파워 쿼리에는 분석을 위해 데이터를 정리하고 준비하는 데 도움이 되는 엄청난 수의 기능이 있습니다. 복잡한 모델을 간소화하고 데이터 형식을 변경하고 개체 이름을 바꾸고 데이터를 피벗하는 방법을 알아봅니다. 또한 보다 심층적인 분석을 위해 중요한 데이터가 포함된 열을 알 수 있도록 열을 프로파일하는 방법도 알아봅니다.

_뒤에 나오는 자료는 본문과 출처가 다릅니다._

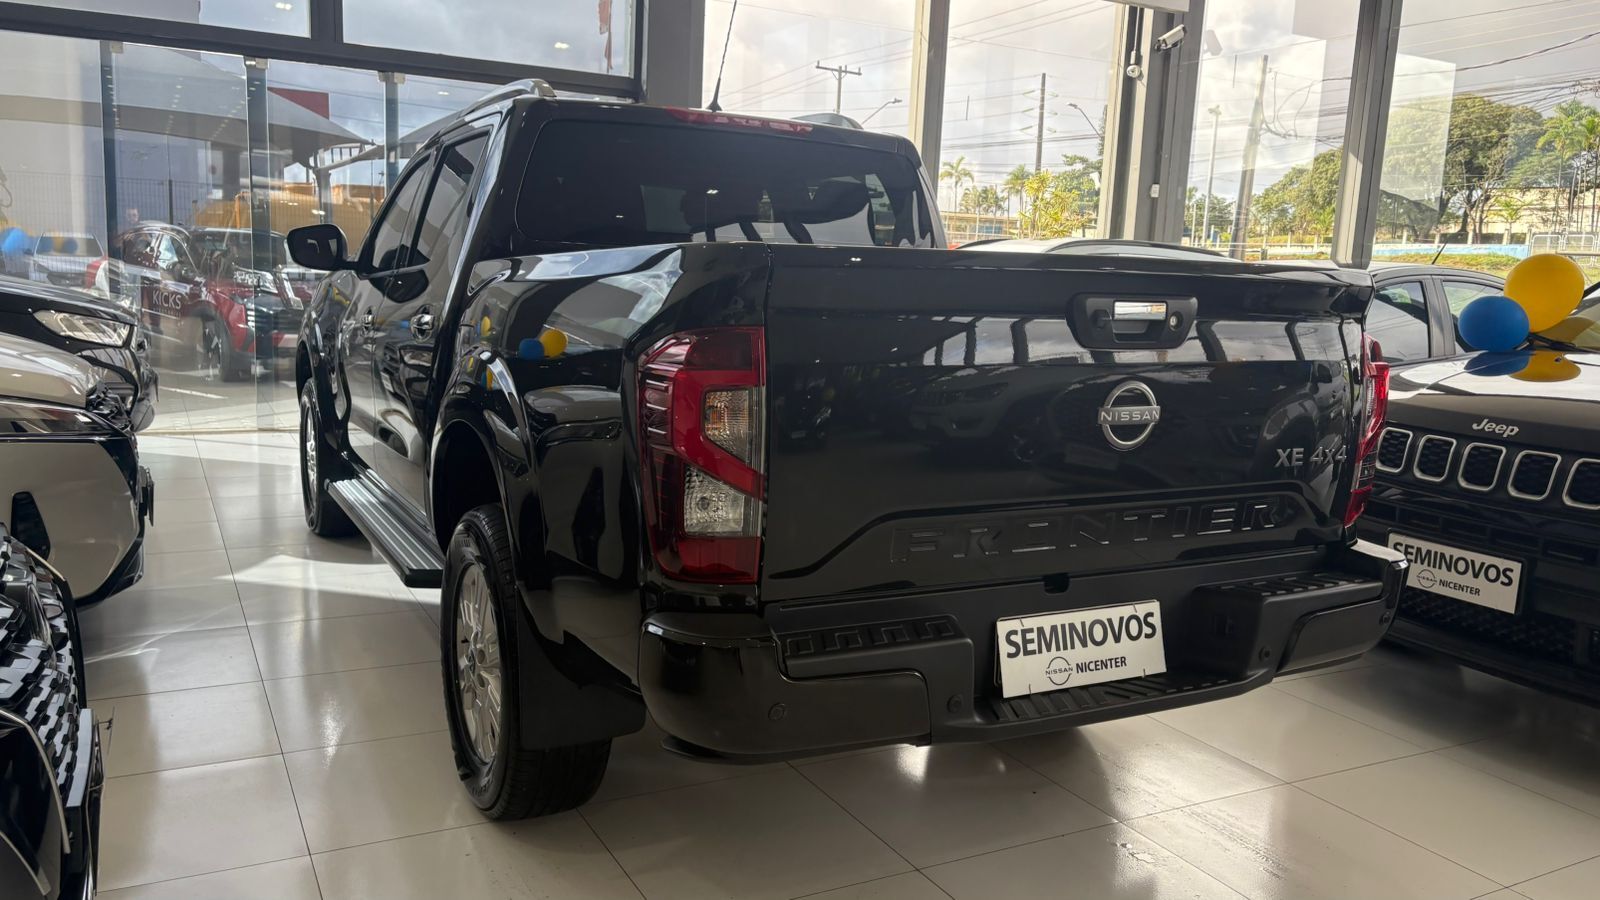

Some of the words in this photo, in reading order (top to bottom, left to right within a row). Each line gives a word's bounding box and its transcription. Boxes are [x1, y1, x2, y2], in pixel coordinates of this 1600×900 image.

[152, 290, 182, 310] KICKS
[1100, 410, 1160, 422] NISSAN
[1472, 418, 1520, 438] Jeep
[1274, 447, 1305, 468] XE
[891, 502, 1280, 563] FRONTIER
[1438, 579, 1481, 597] NICENTER
[1005, 612, 1157, 659] SEMINOVOS
[1045, 666, 1074, 676] NISSAN
[1076, 656, 1127, 674] NICENTER

Power BI에서 복잡한 의미 체계 모델을 만드는 프로세스는 간단합니다. 두 개 이상의 트랜잭션 시스템에서 데이터를 가져오는 경우 작업에 사용해야 할 테이블이 수십 개에 달할 수 있습니다. 훌륭한 의미 체계 모델을 빌드하는 것은 혼란을 간소화하는 것입니다. 의미 체계 모델을 단순화하는 한 가지 방법인 별모양 스키마와 관련된 용어와 구현 방법을 이 모듈에서 알아봅니다. 또한 Power BI 보고서의 성능과 유용성을 위해 올바른 데이터 세분성을 선택하는 것이 중요한 이유를 알아봅니다. 마지막으로 Power BI 의미 체계 모델을 사용하여 성능을 개선시키는 방법을 알아봅니다.

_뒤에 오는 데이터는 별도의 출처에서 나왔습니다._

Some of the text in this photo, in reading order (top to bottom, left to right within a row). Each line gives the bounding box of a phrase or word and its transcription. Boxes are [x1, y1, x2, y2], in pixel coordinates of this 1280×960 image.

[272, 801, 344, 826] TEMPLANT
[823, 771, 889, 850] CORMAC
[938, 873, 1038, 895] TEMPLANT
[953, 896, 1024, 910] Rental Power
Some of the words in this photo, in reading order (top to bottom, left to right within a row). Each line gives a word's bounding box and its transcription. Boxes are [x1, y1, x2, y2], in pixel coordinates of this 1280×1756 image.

이 모듈에서는 암시적 및 명시적 측정값을 사용하는 방법을 알아봅니다. 먼저 단일 열 또는 테이블을 요약하는 간단한 측정값을 만듭니다. 그런 다음 모델의 다른 측정값을 기반으로 보다 복잡한 측정값을 만듭니다. 또한 계산 열과 측정값 간의 유사성 및 차이점에 대해 알아봅니다.

이 모듈을 마치면 의미 체계 모델에 계산된 테이블과 계산 열을 추가할 수 있게 됩니다. 또한 계산 열 수식을 평가하는 데 사용되는 행 컨텍스트를 설명할 수 있습니다. 파워 쿼리를 사용하여 테이블에 열을 추가할 수 있으므로 파워 쿼리 Custom Column 대신 계산 열을 만드는 것이 가장 좋은 경우에 대해서도 알아봅니다.

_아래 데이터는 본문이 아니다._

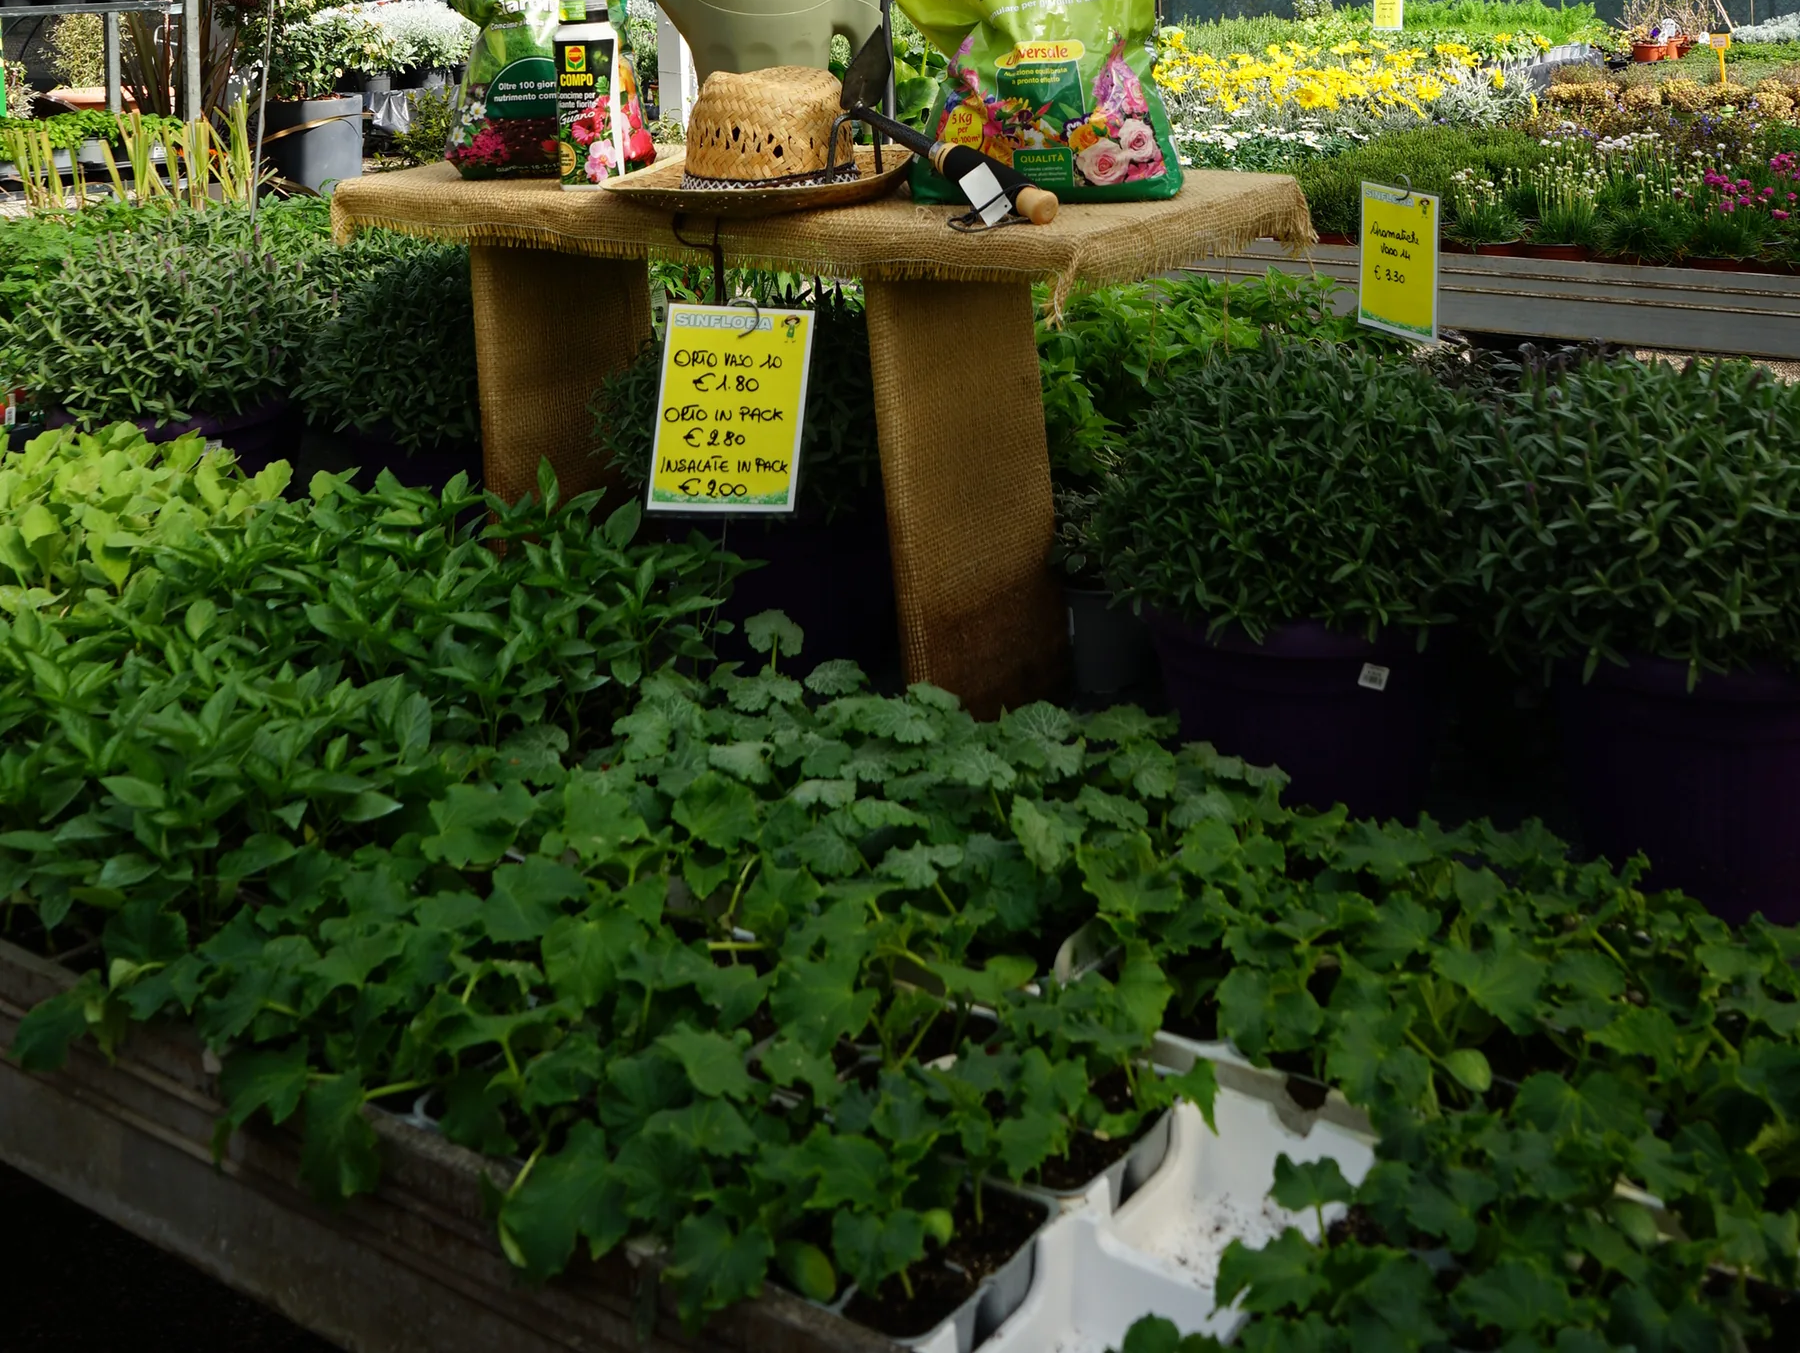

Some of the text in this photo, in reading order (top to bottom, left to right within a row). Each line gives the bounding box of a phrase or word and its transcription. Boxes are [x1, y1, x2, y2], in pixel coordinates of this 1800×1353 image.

Power BI에는 30개 이상의 핵심 시각적 개체가 포함되어 있으므로 초보자가 올바른 시각적 개체를 선택하는 것이 어려울 수 있습니다. 이 모듈에서는 디자인 및 보고서 레이아웃 요구 사항을 충족하는 가장 적합한 시각적 개체 유형을 선택하는 과정을 안내합니다.

보고서 필터링은 Microsoft Power BI 보고서를 필터링하는 데 많은 기술을 사용할 수 있기 때문에 복잡한 토픽입니다. 그러나 복잡성에 제어 기능이 수반되므로 요구 사항 및 기대치를 충족하는 보고서를 디자인할 수 있습니다. 일부 필터링 기술은 디자인 타임에 적용되지만, 다른 필터링 기술은 보고서 사용 시간(읽기용 보기)과 관련이 있습니다. 중요한 점은 보고서 디자인을 사용하여 보고서 소비자가 관심 있는 데이터 요소로 간단하게 범위를 좁힐 수 있다는 것입니다.

Power BI 서비스를 탐색하고, 작업 영역 및 관련 항목을 만들고 관리하고, 사용자에게 보고서를 배포하는 방법을 알아봅니다.

Microsoft Power BI를 사용하면 단일 의미 체계 모델을 사용하여 많은 보고서를 빌드할 수 있습니다. 예약된 의미 체계 모델 새로 고침과 연결 오류 해결을 통해 관리 오버헤드를 더욱 줄입니다.